Task
What the task requires is an exact printout of the listing below, pictures excluded.

Records for the exercise

# # # #

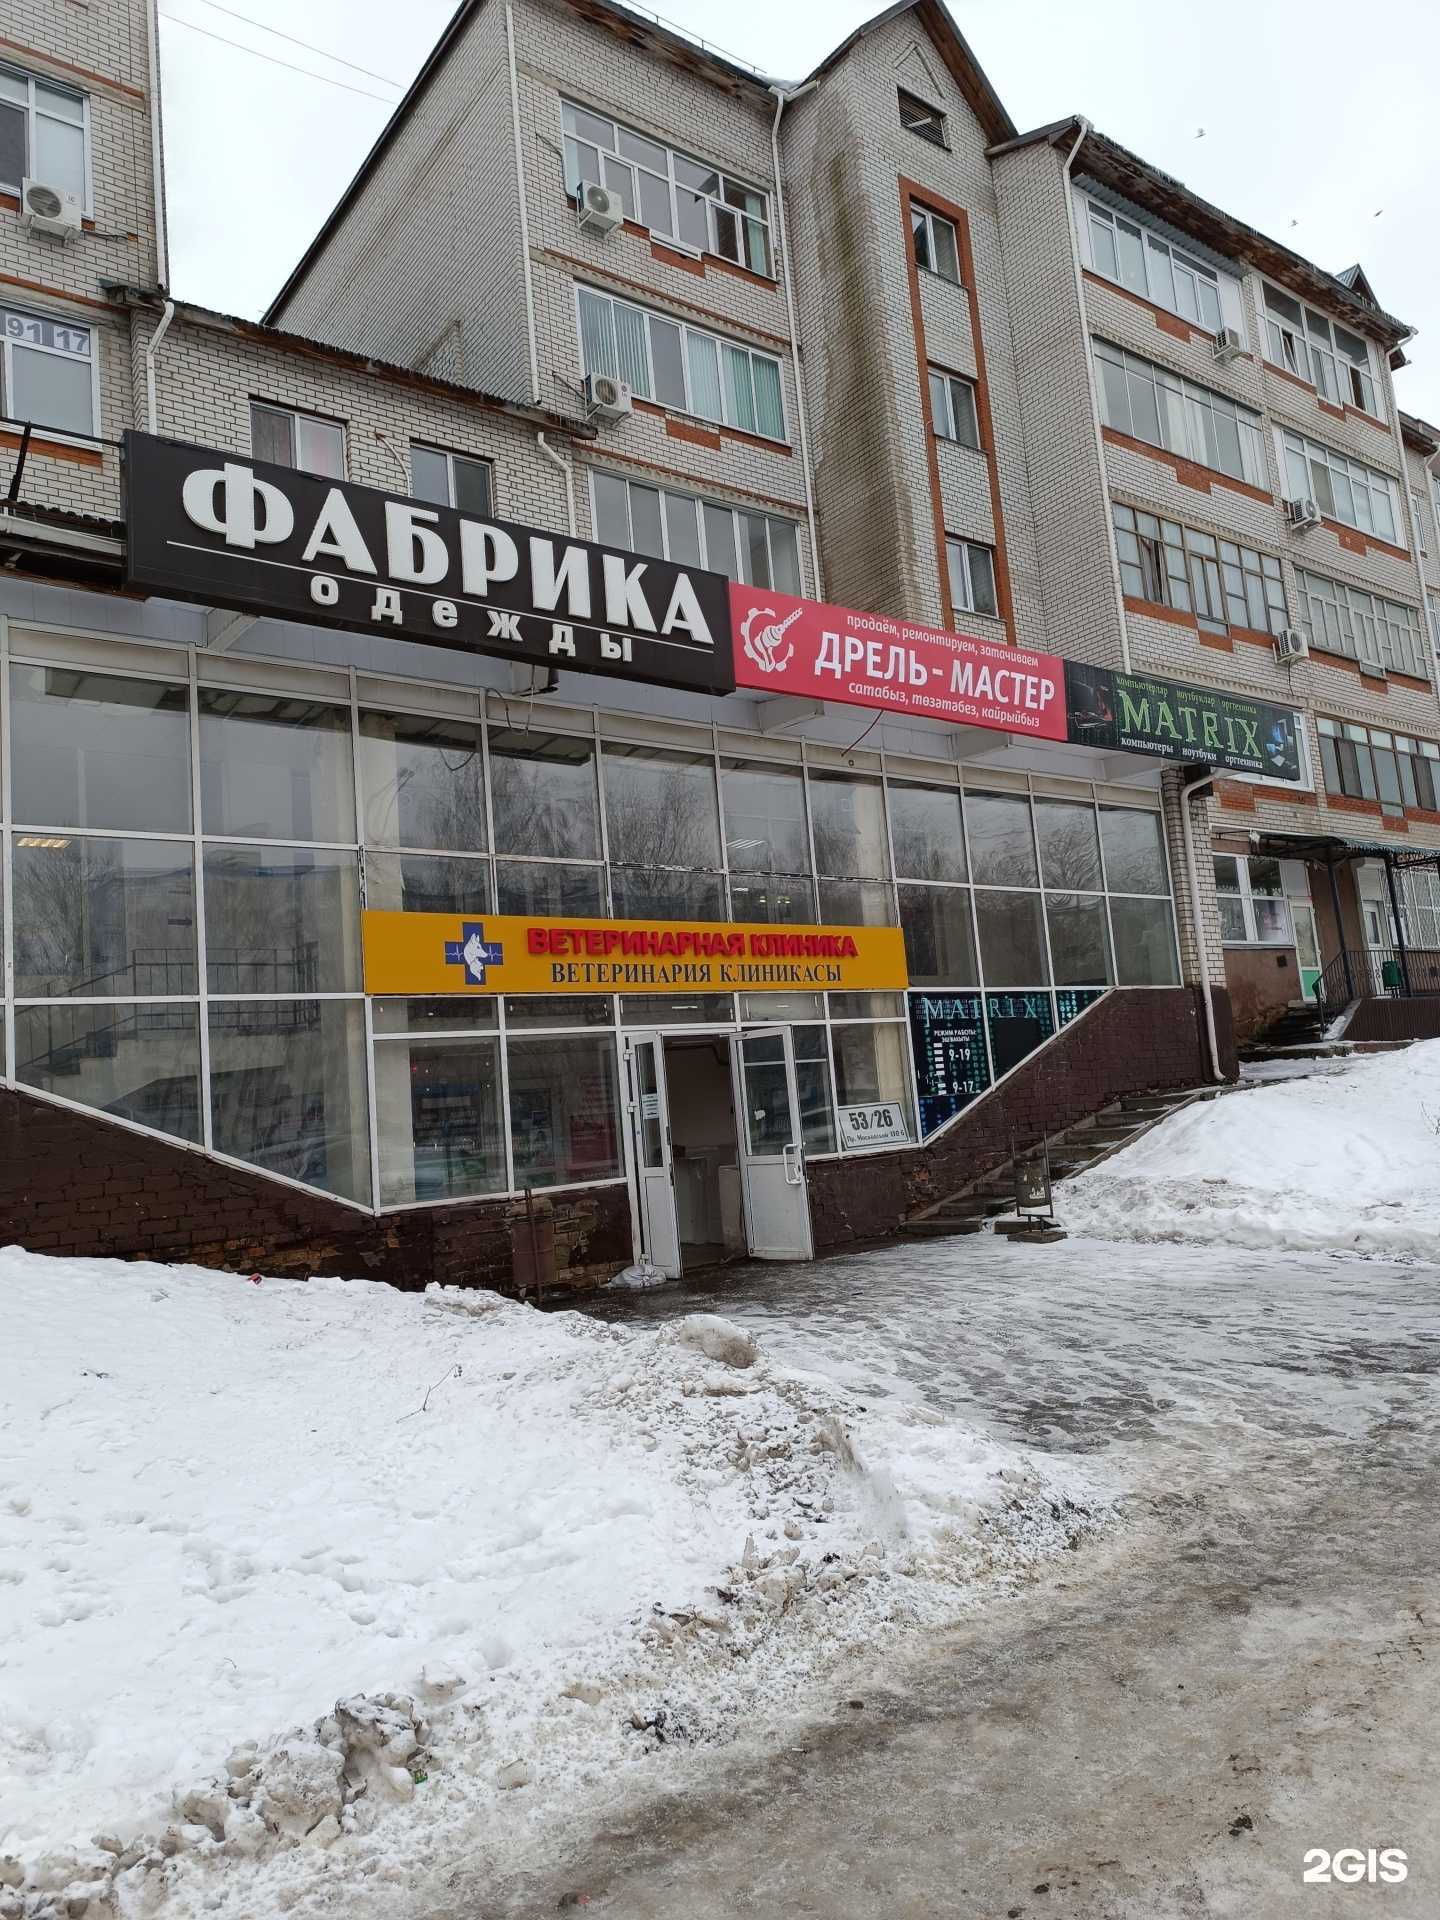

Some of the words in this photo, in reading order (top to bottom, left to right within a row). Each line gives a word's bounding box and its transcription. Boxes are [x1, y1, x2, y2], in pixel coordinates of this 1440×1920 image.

[8, 317, 40, 344] 91
[57, 330, 88, 351] 17
[182, 463, 713, 644] ФАБРИКА
[309, 576, 633, 662] одежды
[847, 615, 900, 638] продаём,
[902, 627, 978, 656] ремонтируем,
[980, 645, 1038, 667] затачиваем
[950, 659, 1055, 710] МАСТЕР
[848, 682, 908, 705] сатабыз,
[981, 706, 1040, 727] кайрыйбыз
[1117, 689, 1262, 758] MATRIX
[1121, 737, 1174, 754] компьютеры
[1182, 747, 1217, 761] ноутбуки
[1225, 755, 1263, 769] оргтехника
[527, 928, 746, 956] ВЕТЕРИНАРНАЯ
[750, 934, 859, 957] КЛИНИКА
[551, 963, 711, 983] ВЕТЕРИНАРИЯ
[720, 963, 841, 982] КЛИНИКАСЫ
[921, 998, 1037, 1027] MATRIX
[949, 1049, 970, 1061] 9-19
[953, 1081, 973, 1093] 9-17
[849, 1109, 893, 1130] 53/26

# # # #

Expected answer
Some of the words in this photo, in reading order (top to bottom, left to right within a row). Each line gives a word's bounding box and its transcription. Boxes are [x1, y1, x2, y2], in pixel coordinates of this 1440×1920 image.

[8, 317, 40, 344] 91
[57, 330, 88, 351] 17
[182, 463, 713, 644] ФАБРИКА
[309, 576, 633, 662] одежды
[847, 615, 900, 638] продаём,
[902, 627, 978, 656] ремонтируем,
[980, 645, 1038, 667] затачиваем
[950, 659, 1055, 710] МАСТЕР
[848, 682, 908, 705] сатабыз,
[981, 706, 1040, 727] кайрыйбыз
[1117, 689, 1262, 758] MATRIX
[1121, 737, 1174, 754] компьютеры
[1182, 747, 1217, 761] ноутбуки
[1225, 755, 1263, 769] оргтехника
[527, 928, 746, 956] ВЕТЕРИНАРНАЯ
[750, 934, 859, 957] КЛИНИКА
[551, 963, 711, 983] ВЕТЕРИНАРИЯ
[720, 963, 841, 982] КЛИНИКАСЫ
[921, 998, 1037, 1027] MATRIX
[949, 1049, 970, 1061] 9-19
[953, 1081, 973, 1093] 9-17
[849, 1109, 893, 1130] 53/26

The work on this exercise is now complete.